Stephen Pacala (Chair), Princeton University
Dr. Stephen Pacala is Frederick D. Petrie Professor of Ecology and Evolutionary Biology at Princeton University. Currently, he co-directs Princeton’s Carbon Mitigation Initiative, which is a collaboration between Princeton University and British Petroleum to find solutions to the problem of global warming. Dr. Pacala previously acted as the director of the Princeton Environmental Institute. His research covers a wide variety of ecological and mathematical topics with an emphasis on interactions between greenhouse gases, climate, and the biosphere. Dr. Pacala earned an undergraduate degree from Dartmouth College in 1978 and a Ph.D. in biology from Stanford University in 1982. He serves on the board of the Environmental Defense Fund. Among his many honors are the David Starr Jordan Prize and the George Mercer Award of the Ecological Society of America. Dr. Pacala is a member of the American Academy of Arts and Sciences and the National Academy of Sciences.

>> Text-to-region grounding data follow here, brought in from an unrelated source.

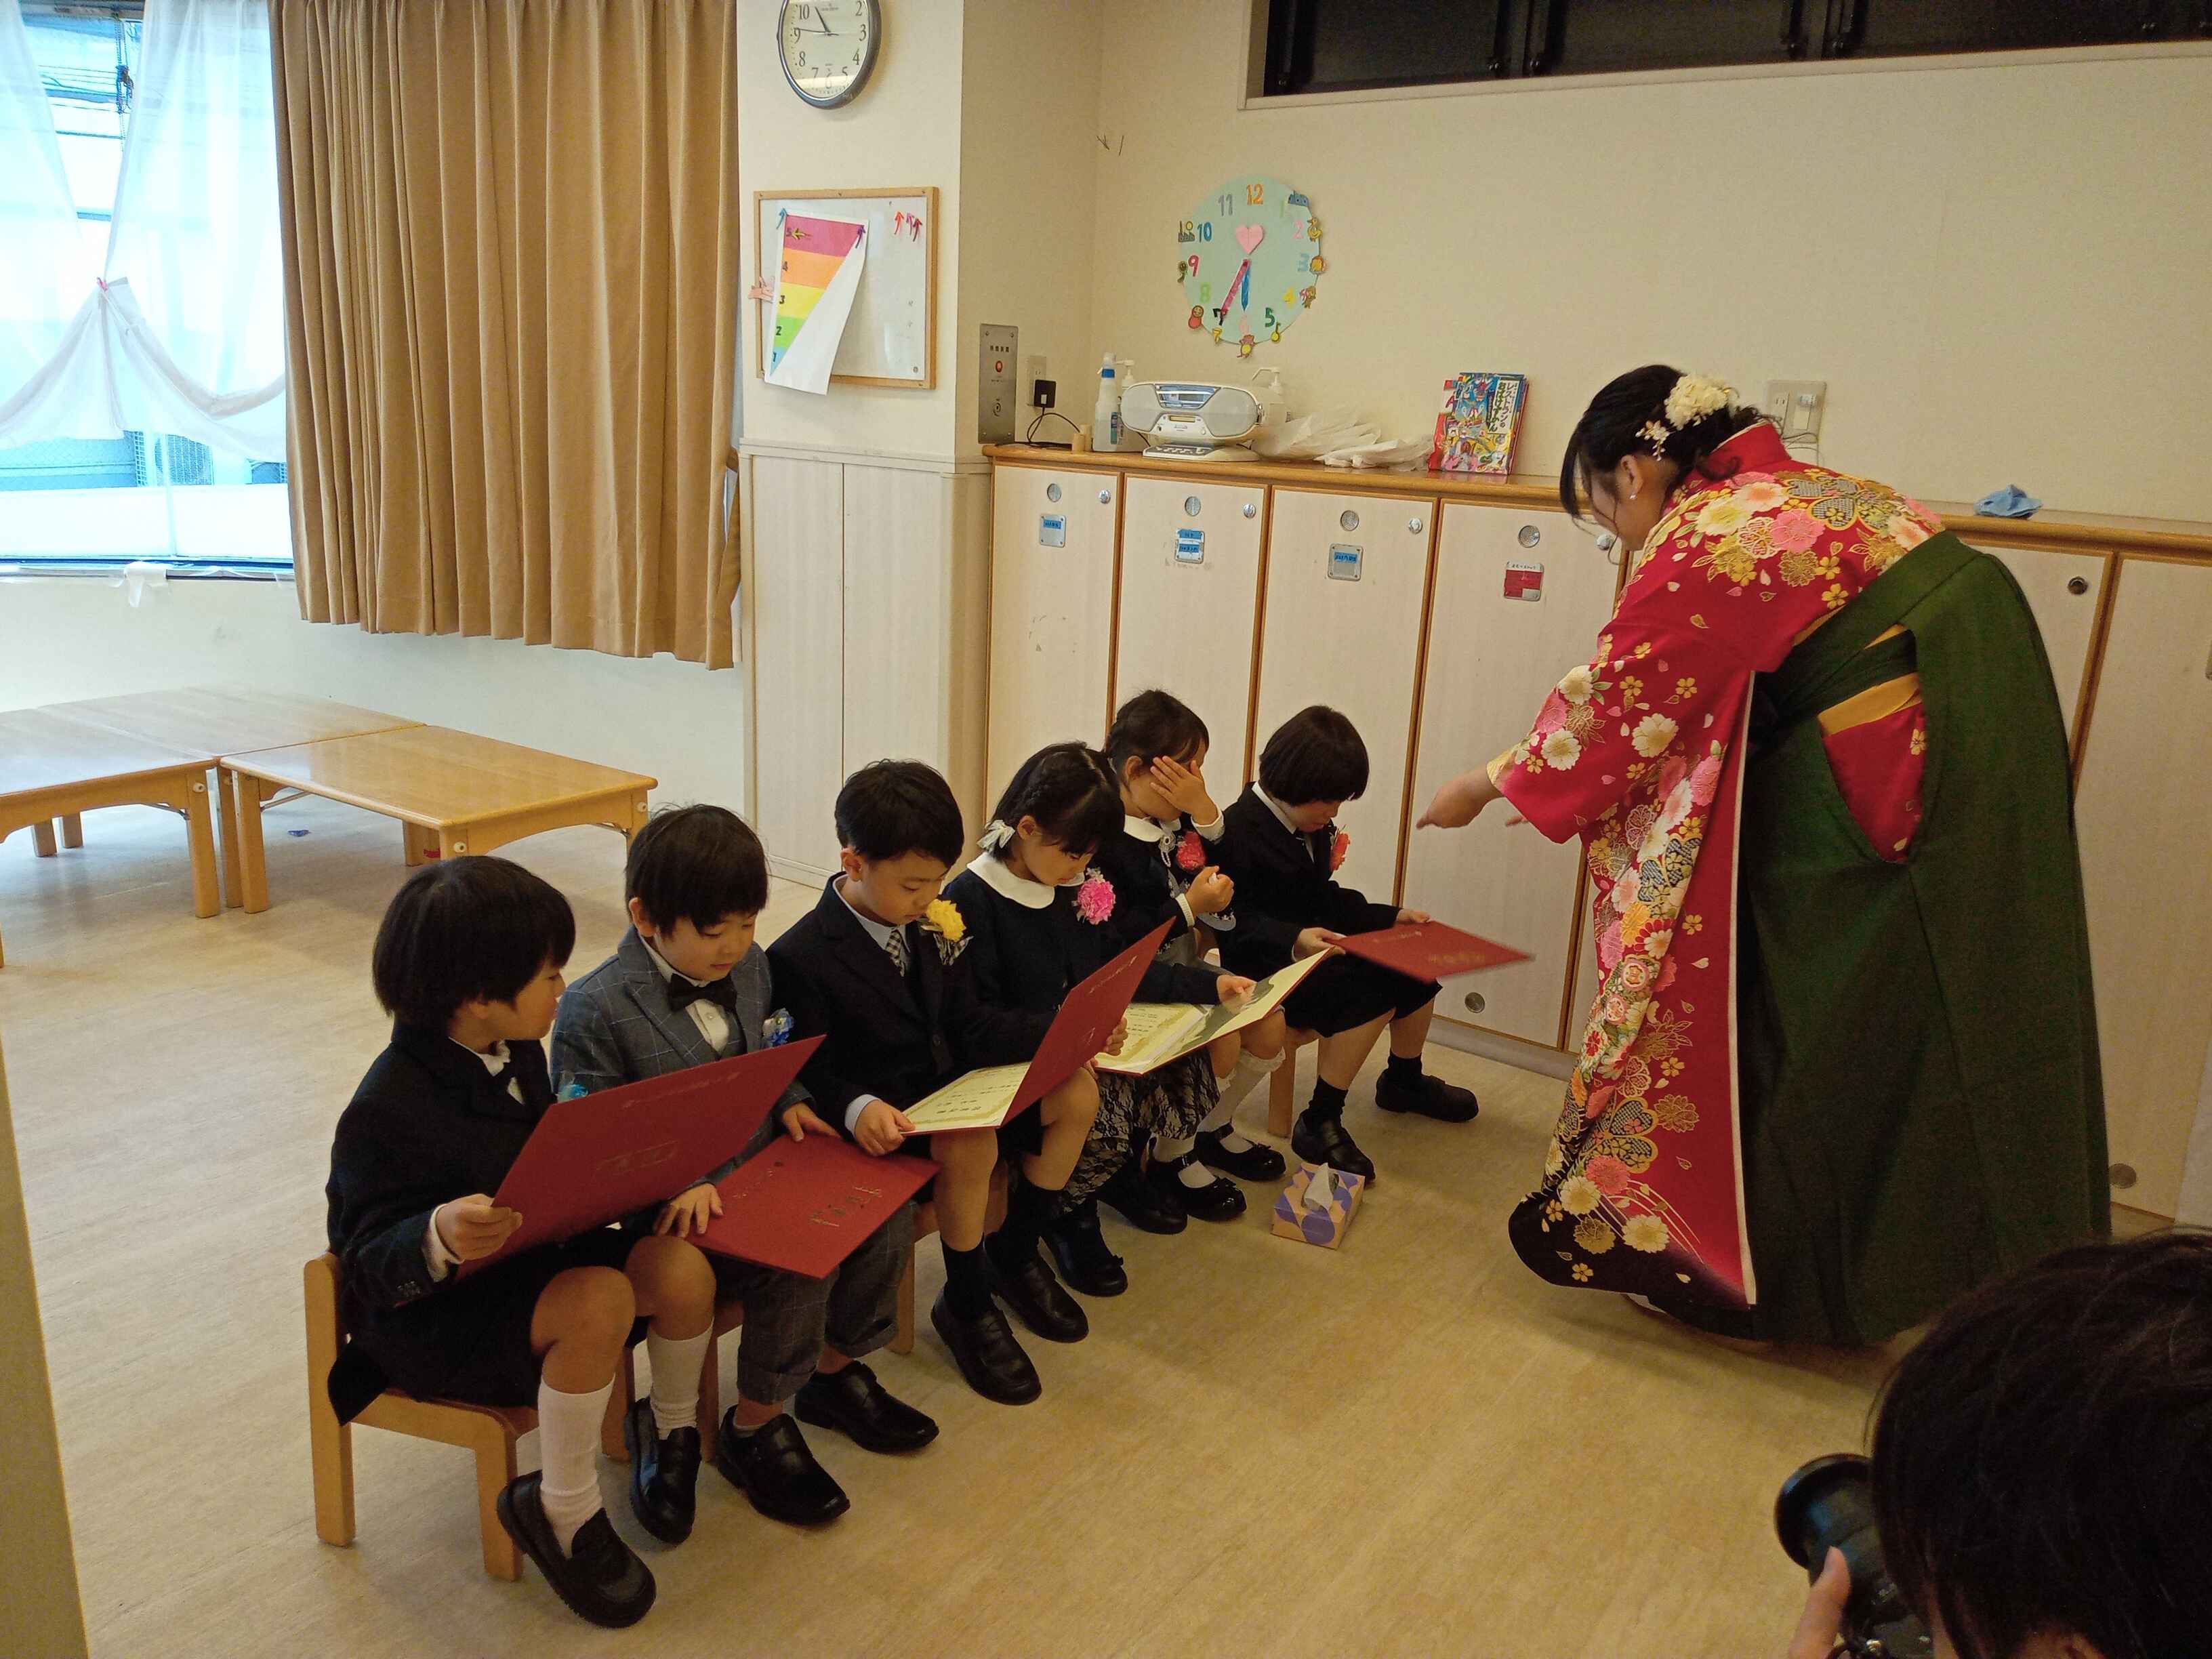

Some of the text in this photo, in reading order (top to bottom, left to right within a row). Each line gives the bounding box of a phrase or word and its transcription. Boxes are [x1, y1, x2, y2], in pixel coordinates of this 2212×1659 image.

[799, 4, 809, 20] 10
[855, 1, 862, 16] 2
[794, 28, 801, 43] 9
[859, 24, 867, 41] 3
[799, 51, 806, 67] 8
[852, 49, 859, 66] 4
[1246, 184, 1264, 205] 12
[1218, 194, 1233, 216] 11
[786, 228, 792, 237] 5
[1197, 222, 1212, 243] 10
[1293, 220, 1305, 239] 2
[782, 261, 789, 271] 4
[1188, 255, 1199, 276] 9
[1298, 253, 1309, 272] 3
[779, 295, 785, 304] 3
[1200, 283, 1211, 303] 8
[1283, 287, 1295, 307] 4
[1213, 308, 1225, 325] 7
[1265, 307, 1275, 327] 5
[775, 326, 782, 336] 2
[772, 352, 777, 362] 1

Mahdi Al-Kaisi, Iowa State University
Dr. Mahdi Al-Kaisi is a professor of soil physics in the Department of Agronomy at Iowa State University. Dr. Al-Kaisi received his M.S. and Ph.D. in soil physics from North Dakota State University in 1982 and 1986, respectively. Dr. Al-Kaisi has been on the faculty at Iowa State University since 2000, where his research focuses on the effects of cropping and tillage systems, crop residue management, cover crops, and nitrogen application on soil carbon dynamics and sequestration, greenhouse gas emissions, and other ecosystem services. In addition, he studies the interaction effects of agricultural practices and environmental factors, such as weather variability and landscape spatial variability on soil organic carbon sequestration and systems sustainability and productivity. The focus of his research is to develop sustainable management practices that improve soil health, productivity, and environmental services. As a result of his research, he has developed field calculators to assess soil management practices impacts, such as tillage systems, crop residue, and crop rotation effects on soil sustainability. In addition, he developed a soil carbon index for soils in Iowa.

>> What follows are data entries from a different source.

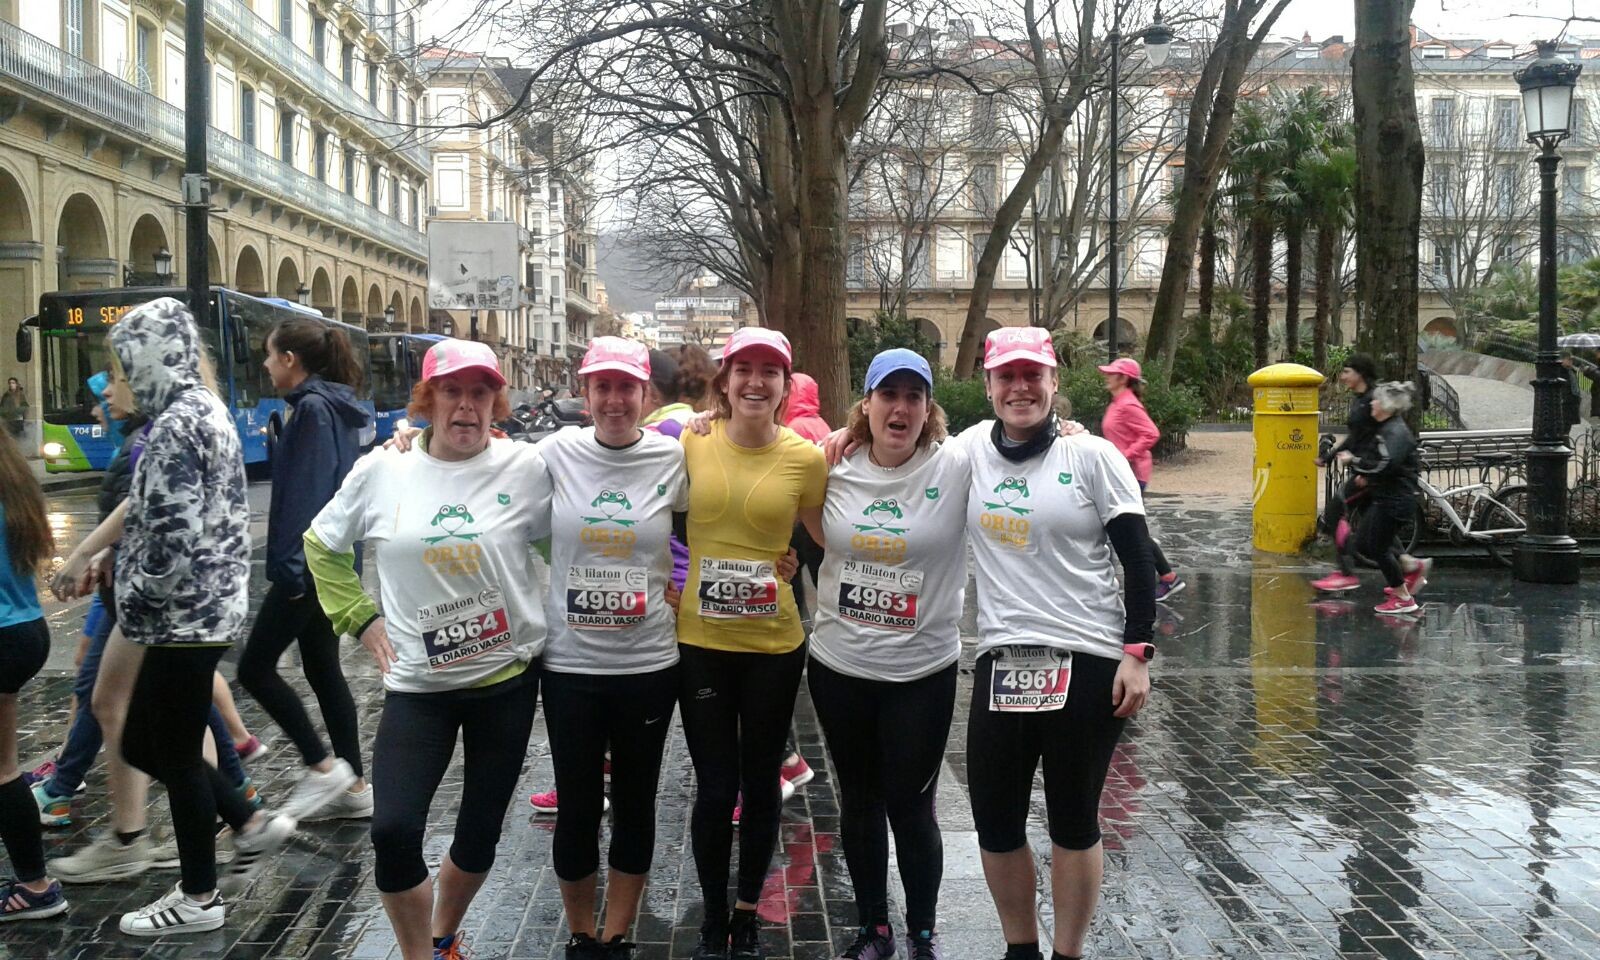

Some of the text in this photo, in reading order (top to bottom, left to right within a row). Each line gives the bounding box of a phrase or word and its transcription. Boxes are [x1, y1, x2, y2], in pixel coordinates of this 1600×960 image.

[68, 305, 133, 325] 18 SEM
[74, 427, 90, 435] 704
[980, 512, 1030, 535] ORIO
[580, 527, 638, 545] ORIO
[850, 534, 907, 553] ORIO
[423, 543, 482, 565] ORIO
[585, 568, 621, 579] lilaton
[702, 558, 715, 570] 29.
[717, 560, 753, 572] lilaton
[844, 561, 896, 580] 29. lilaton
[706, 581, 768, 600] 4962
[847, 586, 908, 612] 4963
[419, 608, 434, 620] 29.
[435, 596, 475, 616] lilaton
[574, 590, 637, 611] 4960
[702, 601, 711, 610] EL
[745, 604, 777, 613] VASCO
[568, 614, 646, 625] EL DIARIO VASCO
[839, 607, 916, 627] EL DIARIO VASCO
[433, 612, 499, 647] 4964
[429, 632, 511, 667] EL DIARIO VASCO
[1001, 669, 1058, 690] 4961
[992, 695, 1066, 705] EL DIARIO VASCO

Mark A. Barteau, Texas A&M University
Dr. Mark A. Barteau is vice president for research at Texas A&M University. He holds academic appointments at Texas A&M in the Department of Chemical Engineering, College of Engineering, and the Department of Chemistry, College of Science. He previously served at the University of Michigan as director of the Energy Institute and the inaugural DTE Energy Professor of Advanced Energy Research, and, prior to joining the University of Michigan, as the senior vice provost for research and strategic initiatives at the University of Delaware. He was elected to the National Academy of Engineering in 2006. Dr. Barteau brings extensive experience as a researcher, inventor, academic leader, and consultant for both U.S. and international organizations. His research focuses on chemical reactions at solid surfaces and their applications in heterogeneous catalysis and energy processes. His research has been funded by the National Science Foundation, the Department of Energy, the Air Force Office of Scientific Research and NASA. Dr. Barteau received his Ph.D. and master’s degrees in chemical engineering from Stanford University in 1981 and 1977, respectively.
Erica Belmont, University of Wyoming
Dr. Erica Belmont is currently serving as an assistant professor of mechanical engineering in the College of Engineering and Applied Science at the University of Wyoming. Dr. Belmont is also the principal investigator of the Belmont Energy Research Group. She received her B.S. in chemical engineering and M.S. in mechanical engineering from Tufts University in Medford, Massachusetts, and her Ph.D. in mechanical engineering from the University of Texas at Austin. Her research interests are in combustion, solid fuels (coal, biomass), alternative fuels, renewable energy, and experimentation.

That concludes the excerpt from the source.